Recomendações que envolvem a intervenção da Organização Intergovernamental Consultiva da Navegação Marítima.
A pedido do secretário-geral da Organização Intergovernamental Consultiva da Navegação Marítima, classificam-se a seguir as recomendações adoptadas pela conferência que envolvem medidas a tomar pela Organização, indicando-se a natureza dessas medidas:
1. Recomendações relativas a trabalhos correntes de recolha e difusão de informações:
Recomendação 3 - Inspecções e vistorias por organismos não governamentais;
Recomendação 4 - Navios de pesca;
Recomendação 11 - Métodos de ensaio das divisórias corta-fogo e das divisórias retardadoras da propagação de incêndios, dos revestimentos dos pavimentos e de medida do poder de propagação das chamas;
Recomendação 16 - Transporte de explosivos;
Recomendação 20 - Embarcações salva-vidas dos navios-tanques;
Recomendação 25 - Isenções concedidas nos termos da regra 5 do capítulo IV da presente Convenção;
Recomendação 54 - Solidez das instalações para transporte de grão.
2. Recomendações que implicam consultas ou cooperação com outras instituições especializadas das Nações Unidas:
Recomendação 27 - Nível de interferência na frequência radiotelegráfica de socorro;
Recomendação 31 - Radiogoniometria na frequência radiotelefónica de socorro;
Recomendação 39 - Treino de capitães, oficiais e marinheiros na utilização das ajudas à navegação e de outros equipamentos;Recomendação 46 - Interferência entre os equipamentos radar dos navios e os equipamentos radar das aeronaves;
Recomendação 48 - Radiobalizas para a localização de sinistros.
3. Recomendações que implicam estudos pela Organização:
a) Estudos em curso:
Recomendação 17 - Influência das regras de arqueação sobre a segurança dos navios;
Recomendação 40 - Coordenação da segurança no mar e no ar;
Recomendação 41 - Comunicações entre navios e aeronaves;
Recomendação 42 - Código radiotelefónico internacional;
Recomendação 56 - Transporte de cargas perigosas.
b) Novos estudos a efectuar:
Recomendação 6 - Normas de compartimentagem estanque dos navios de passageiros;
Recomendação 7 - Estabilidade no estado intacto dos navios de passageiros, de carga e de pesca;
Recomendação 8 - Compartimentagem e estabilidade depois de avaria dos navios de carga;
Recomendação 44 - Ajudas electrónicas à navegação.;
Recomendação 45 - Radar;
Recomendação 53 - Regras internacionais para evitar abalroamentos no mar - Regras locais especiais.

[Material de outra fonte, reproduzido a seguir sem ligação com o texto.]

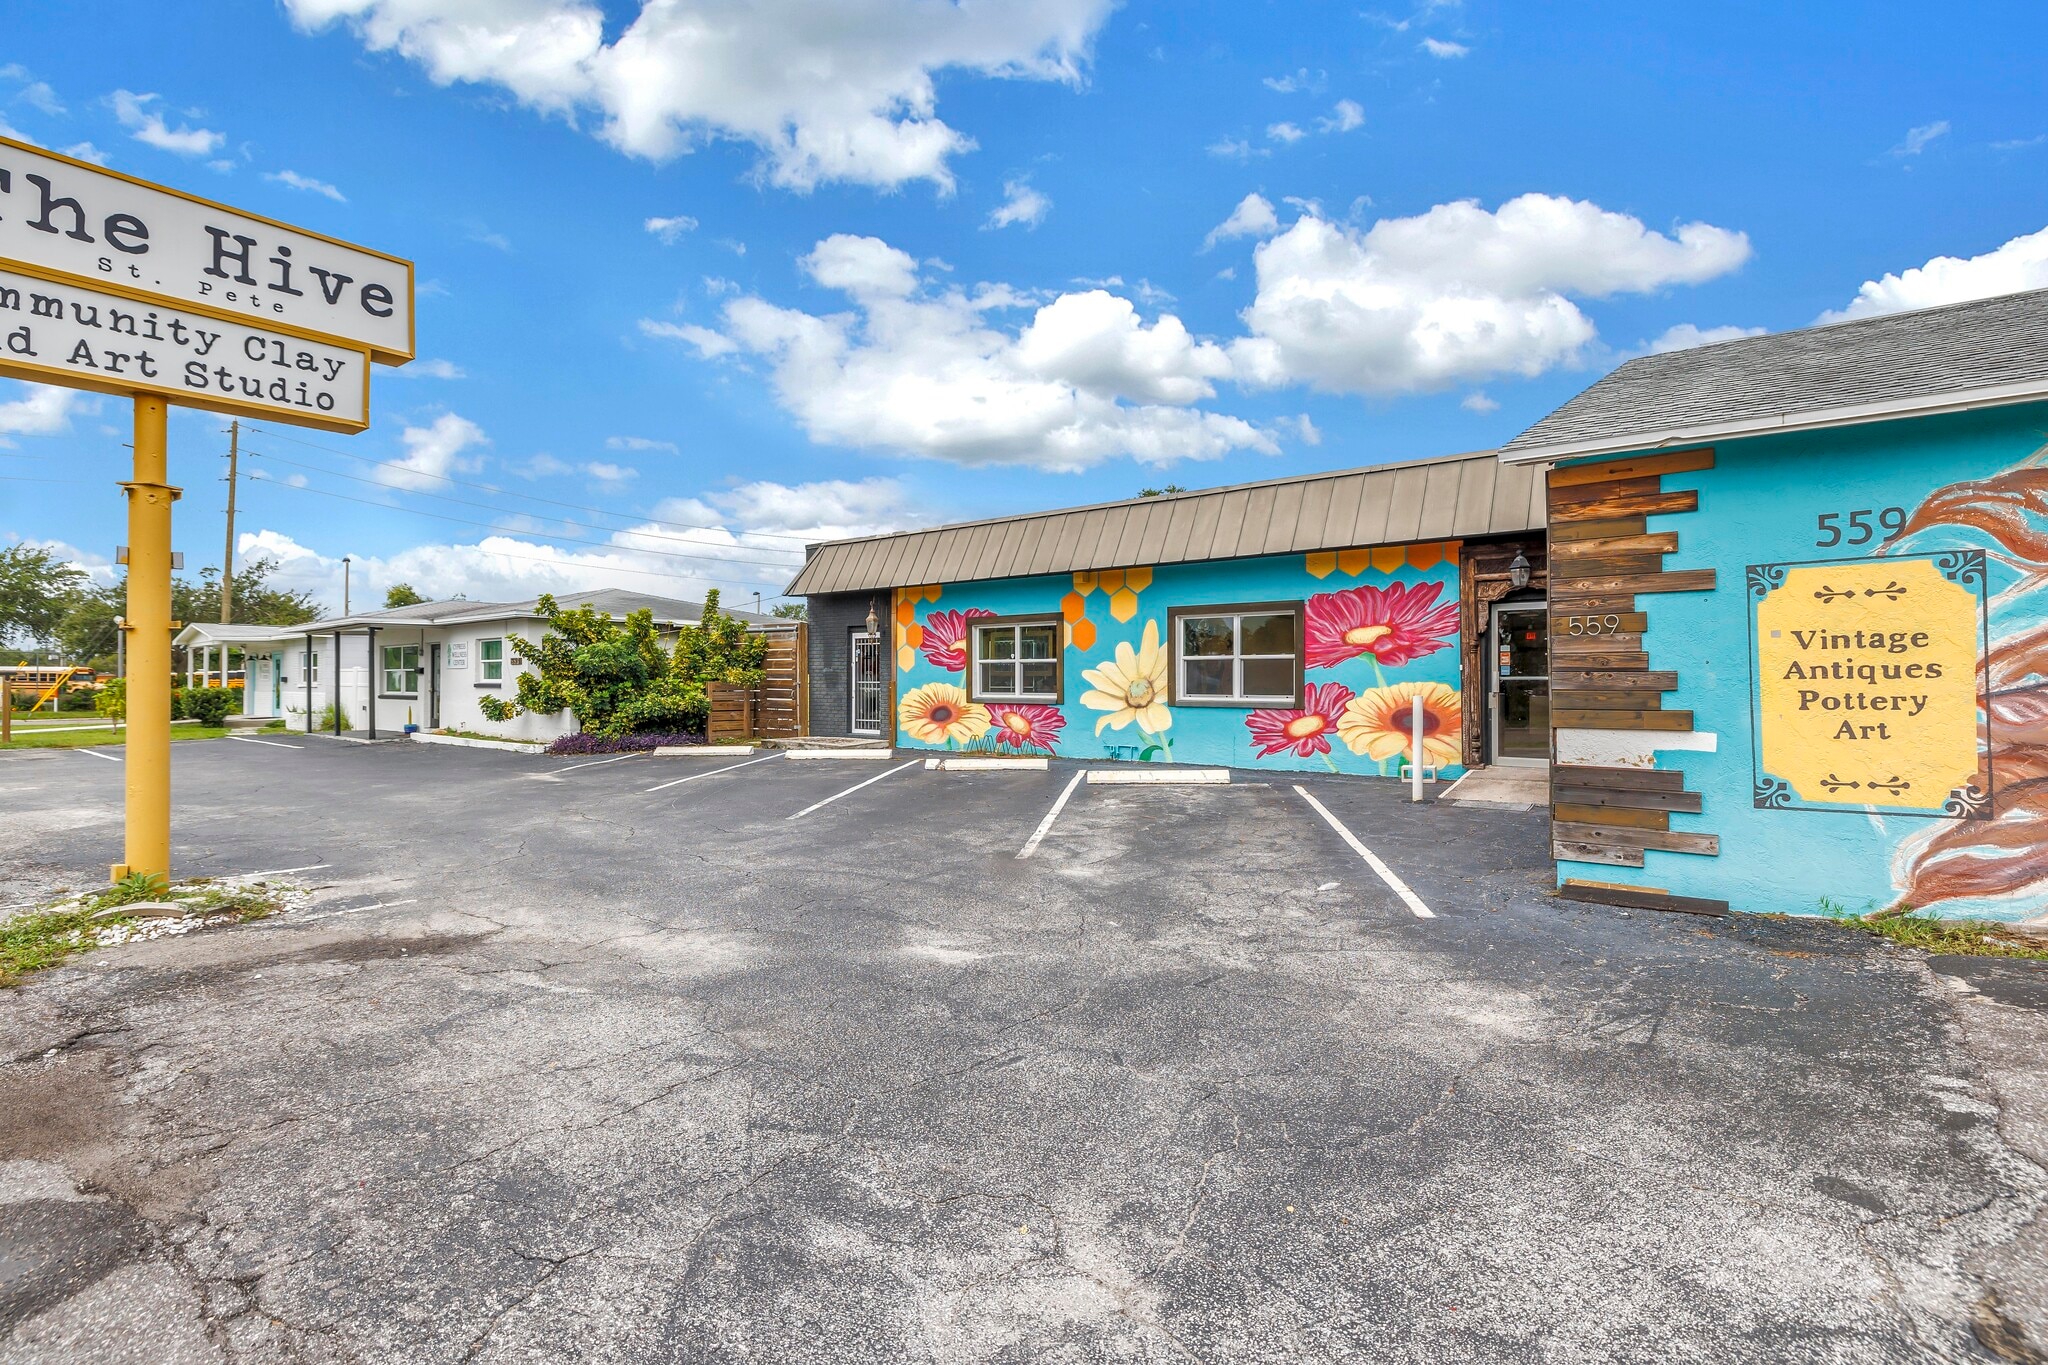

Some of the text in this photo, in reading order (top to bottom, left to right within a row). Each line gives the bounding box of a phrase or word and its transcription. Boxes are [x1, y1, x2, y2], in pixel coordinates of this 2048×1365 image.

c) Estudos a efectuar, se necessário, depois de recebidas informações suplementares fornecidas pelos Governos:
Recomendação 24 - Sobreposição de embarcações salva-vidas;
Recomendação 49 - Ruído nas pontes dos navios;
Recomendação 51 - Eficácia dos faróis de navegação;
Recomendação 52 - Eficácia dos aparelhos emissores de sinais sonoros;
Recomendação 55 - Transporte de cargas a granel que não sejam de grão.